2. Consider the way by which He leads us to Him. He declares His will towards us in a law. He bids and forbids. There had passed a contract between us and Him — Believe, do, and thou shalt live. We say, "Thy will be done," which supposes that that will is made known. And that will has been manifested in the law within, the Mosaic law, and the gospel, and not only does God thus speak to us, but He calls upon us; gives us a law and bids us "beware" of breaking it.

3. Nothing exalts God's goodness more than this, that He multiplies the means of mercy, so that no man can say, Once I might have been saved, once God opened to me a door, but I neglected that, and God never came more.

(1) God hath spoken once in His Scriptures, and we have heard Him twice (Psalm 62:11) at home in our own reading, and again and again in His ordinances.

(2) There is a language in the heavens (Psalm 19:2). This is the true harmony of the spheres which every man may hear. Though he understand no tongue but his own, he may hear God in the seasons, in the vicissitudes of Church and State, etc. This is God's English to thee, and His French, Latin, Greek, to others.

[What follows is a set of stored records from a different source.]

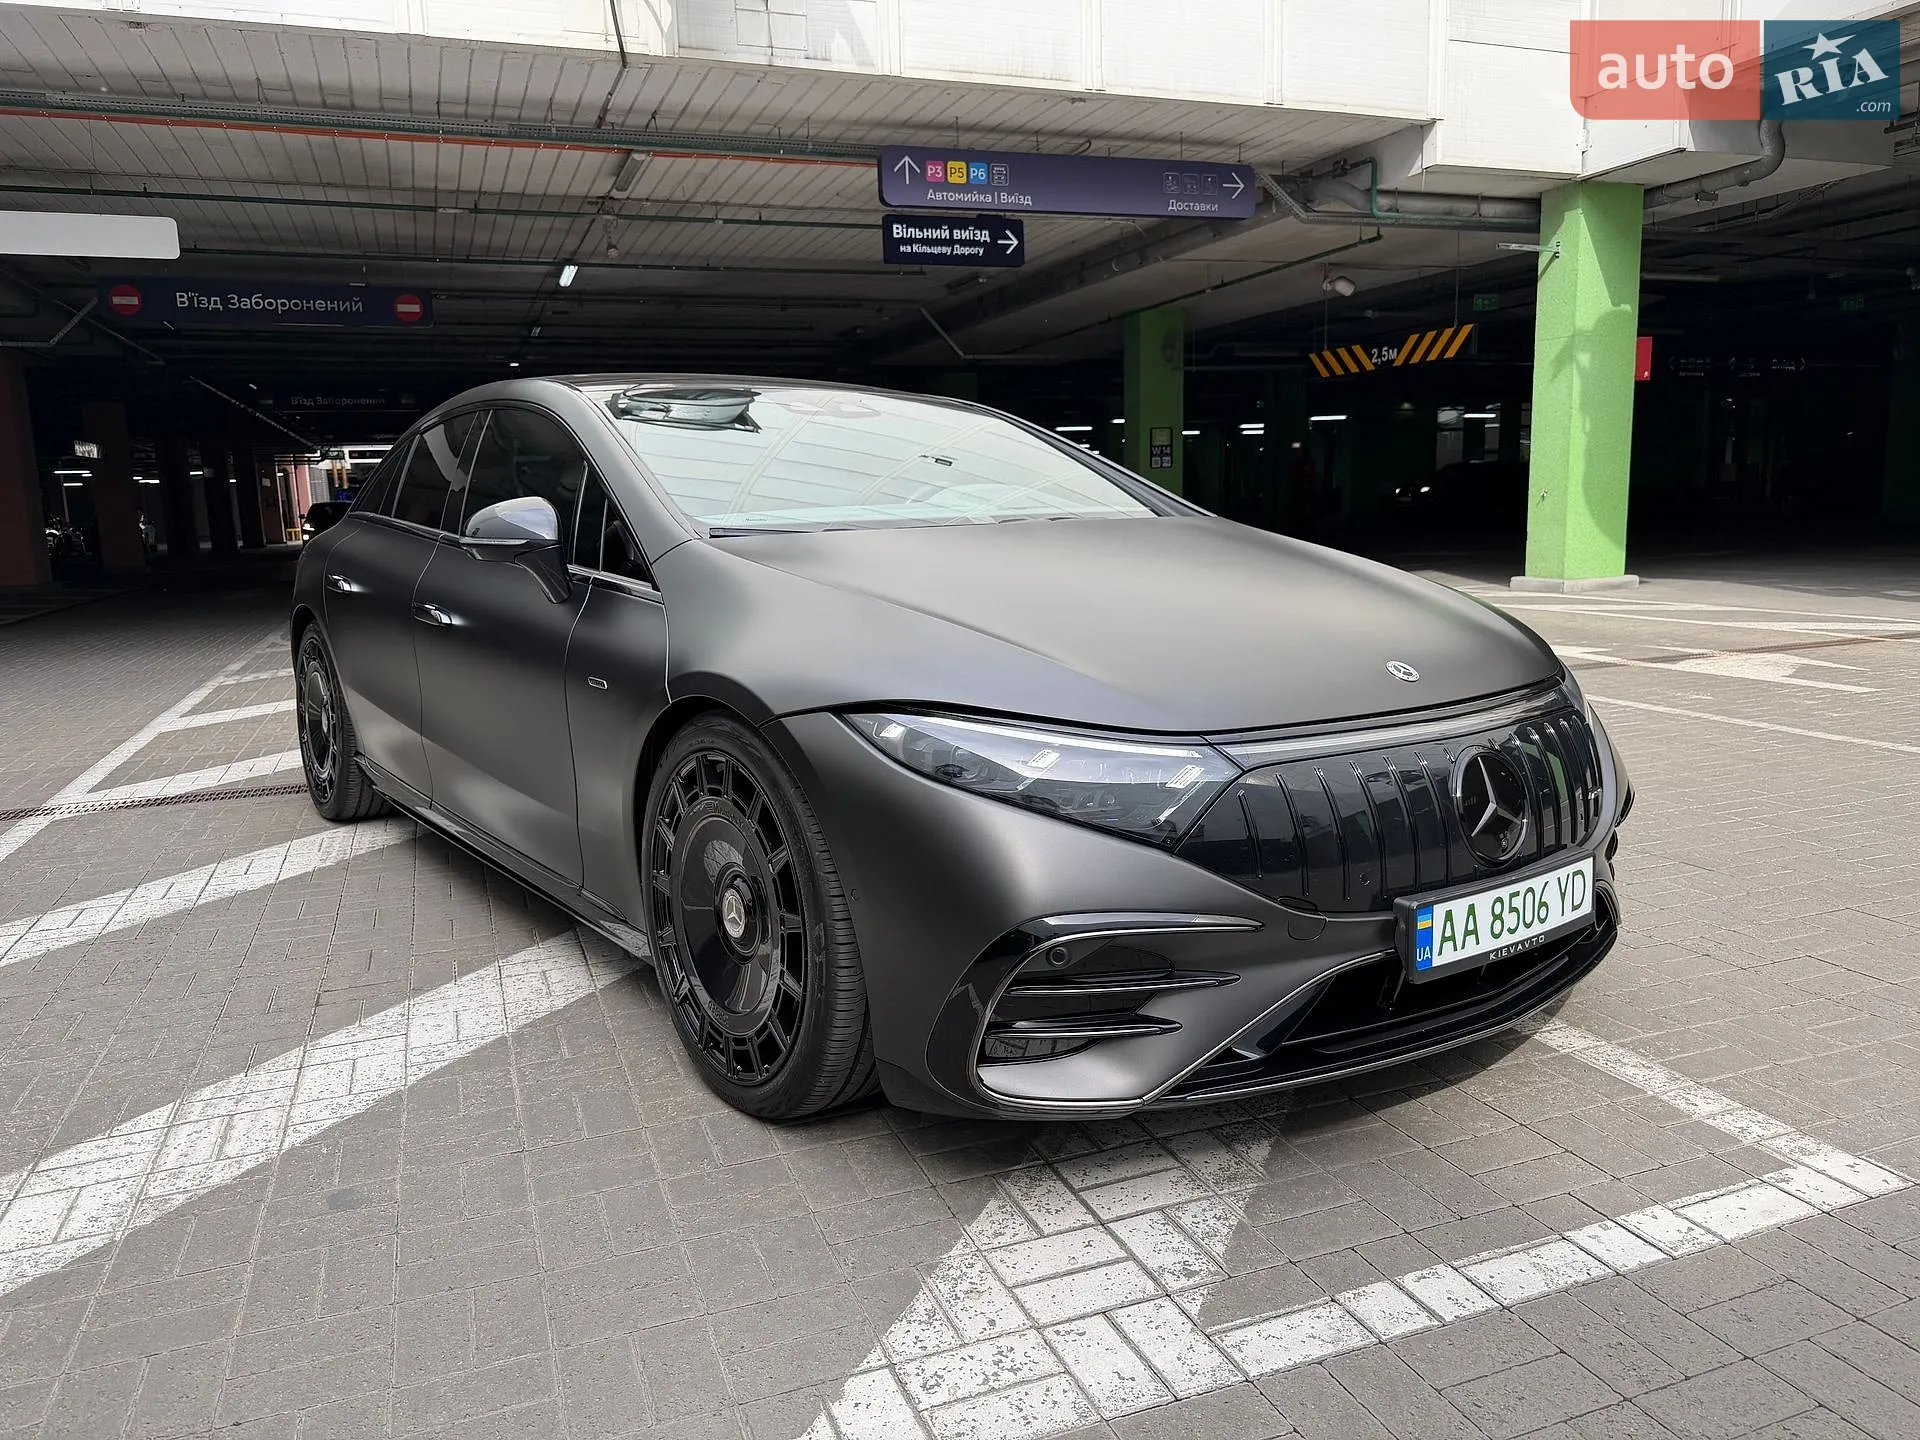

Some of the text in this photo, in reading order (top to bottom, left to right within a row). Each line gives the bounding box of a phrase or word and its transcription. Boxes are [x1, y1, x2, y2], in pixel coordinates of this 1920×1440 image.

[927, 164, 986, 180] P3 P5 P6
[926, 188, 1033, 206] Автомийка Виїзд
[1167, 199, 1219, 212] Доставки
[892, 223, 991, 243] Вільний виїзд
[899, 243, 985, 257] на Кільцеву Дорогу
[175, 292, 363, 313] В'їзд Заборонений
[1437, 868, 1587, 957] AA 8506 YD
[1416, 946, 1432, 961] UA
[1489, 935, 1545, 960] KIEVAVTO
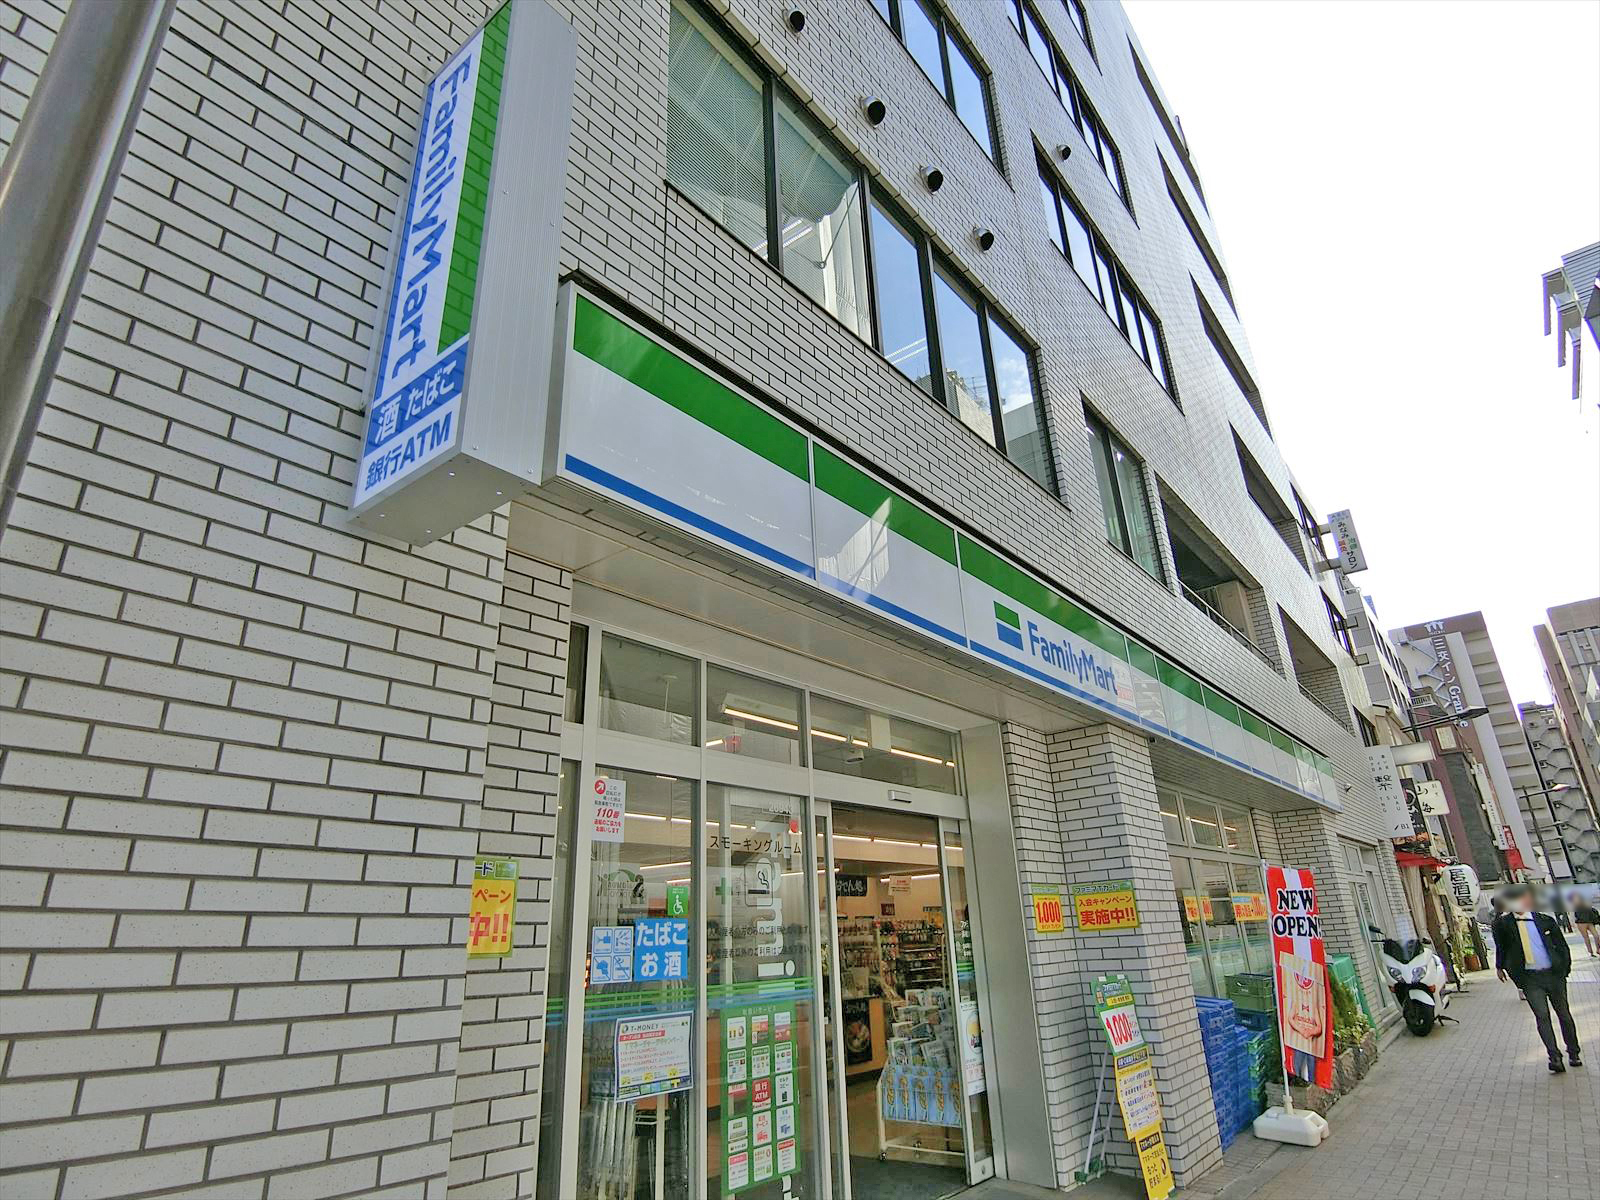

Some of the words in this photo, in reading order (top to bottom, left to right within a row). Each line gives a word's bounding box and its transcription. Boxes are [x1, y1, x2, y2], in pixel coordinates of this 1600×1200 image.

(3) But then God translates Himself in particular works. Nationally: He speaks in particular judgments or deliverances to one nation. Domestically: He speaks that language to a particular family; and so personally. God will make a fever speak to me that there is no health in me; my adversity that there is no safe dependence but in Him; even my sin shall be a sermon to me.

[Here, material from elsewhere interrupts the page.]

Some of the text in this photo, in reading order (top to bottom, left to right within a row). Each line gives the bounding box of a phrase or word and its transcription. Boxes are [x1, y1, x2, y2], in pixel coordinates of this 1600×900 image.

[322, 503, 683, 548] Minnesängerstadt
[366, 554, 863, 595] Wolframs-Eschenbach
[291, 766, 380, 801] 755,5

(4) God hath spoken to us in the death and resurrection of His Son.

II. BEWARE OF THE CONCISION. There is a certain elegant and holy delicacy and juvenility in St. Paul's choosing the words of musical cadence — circumcision, concision; but then this presents matter of gravity. Language must wait upon matter, and words upon things. Concision is the severing of that which should be entire — in the state, the aliening of the head from the body; in the Church to constitute a monarchy, an universal head; in the family, to divide man and wife. But more particularly consider —

1. The concision of the body; disunion in doctrinal things.

(1) This that should be kept entire is Jesus.

(2) "Every spirit which dissolveth Jesus" (1 John 4:3), that makes religion serve turns, that admits so much gospel as may advance present businesses, every such spirit is not of God.

(3) Not to profess the whole gospel, not to believe all the articles of faith, this is a breaking of what should be entire.

(4) The advancement of a private interpretation to an article of faith mars the peace and rends the unity of the Church. Let us therefore (Psalm 137:6) prefer Jerusalem before our chief joy, love of peace by or forbearance on all sides, rather than cictory by wrangling and uncharitableness.

2. The concision of the garment; disunion in ceremonial things. To a circumcision of the garment, to a paring away such ceremonies as were superstitious and superfluous, we came at the beginning of the Reformation. But those churches that came to a concision of the garment, an absolute taking away of all ceremonies, neither provided so safely for the Church itself nor for her devotion. Ceremonies are nothing, but where there are none order and obedience, and, presently, religion, will vanish.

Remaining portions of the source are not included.